Enclosure for GLADE storage system
NWSC-2 DDN Storage System providing 38 PB of usable storage at 280 GB/s.

The GLobally Accessible Data Environment (GLADE) provides centralized high-performance file systems spanning supercomputing, data post-processing, data analysis, visualization, and HPC-based data transfer services. GLADE provides computation, analysis, and visualization work spaces common to all CISL HPC resources. Project space is allocated through NCAR’s allocation panels, while scratch and user space is available to all users of NCAR HPC resources. GLADE also hosts data from NCAR’s Research Data Archive (RDA), NCAR’s Community Data Portal, and the Earth System Grid which curates data collections for CMIP5/AR5 and (soon) CMIP6. (CMIP is the Coupled Model Intercomparison Project, and Phase 5 – CMIP5 – was completed in 2014. AR5 is the fifth Assessment Report of the Intergovernmental Panel on Climate Change – IPCC.)

GLADE’s architecture shifts user workflows from a design that centers on serving the supercomputer to a more scientifically efficient design that facilitates the flow of data. Through a globally accessible storage infrastructure, users now arrange their workflows to use stored data directly without first needing to move or copy it. Additional services like high-performance data transfer protocols enhance CISL’s ability to bring computational data from other sites to NCAR for post-processing, analysis, and visualization.

This work supports CISL’s computing imperative for hardware cyberinfrastructure by providing storage and networking systems customized to support efficient workflows for the atmospheric and related sciences. Specifically, GLADE facilitates typical user workflows plus special efforts like supporting data flows for CMIP5 and the upcoming CMIP6. GLADE also advances CISL’s computing imperative for facilities by demonstrating high-performance data services that are critical for the supercomputing resources that now operate at NWSC and will continue to be critical as next-generation resources are added to the environment.

In FY2017, CISL installed the NWSC-2 resources that include a new storage system with an initial usable capacity of 20 PB. The system was fully integrated with the NWSC-2 computational system, and along with the network enhancements from FY2016 now provides storage resources to all NWSC systems. In spring FY2017, an additional 20 PB of capacity was added to the storage system for a total of 38 PB usable capacity and bandwidth exceeding 280 GB/s.

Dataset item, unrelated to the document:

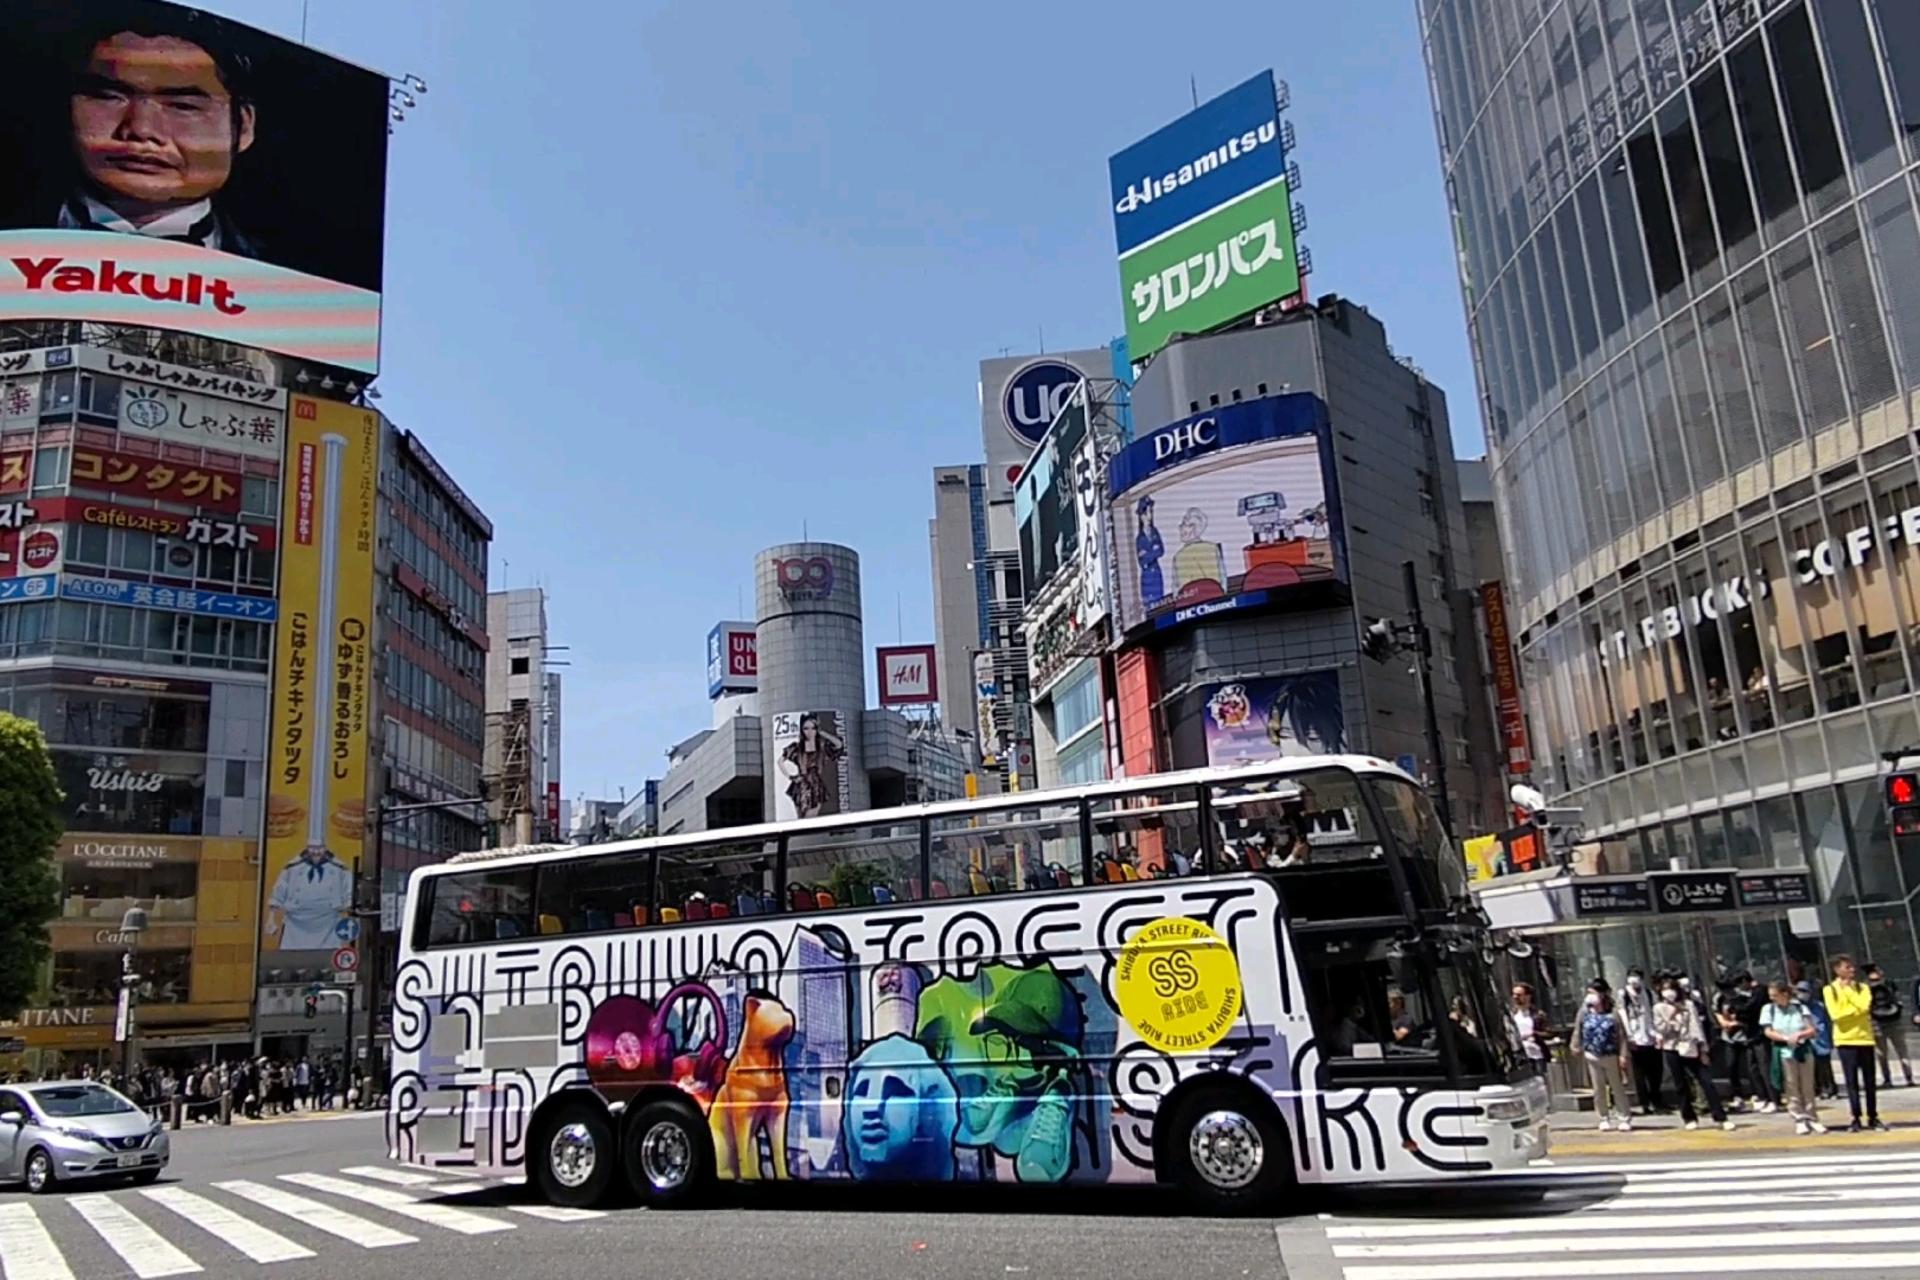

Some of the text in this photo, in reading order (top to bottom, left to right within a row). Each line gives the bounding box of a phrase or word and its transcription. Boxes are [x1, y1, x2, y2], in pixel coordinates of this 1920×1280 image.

As the size of data produced from scientific applications grows, so will user expectations for real-time data access. Therefore we have to push toward innovative and emerging technologies and concepts such as in-memory (non-volatile memory or NVM) and on-flash data solutions. The decreasing cost and continuing innovation of these technologies will very soon make this an increasingly attractive option. CISL is planning to deploy about 400 TB of flash storage later this year to conduct a proof-of-concept study on selected use cases and move the concept into production in FY2018.

NCAR’s storage, file systems, and data infrastructure are managed by CISL under the UCAR/NSF Cooperative Agreement and are supported by NSF Core funds.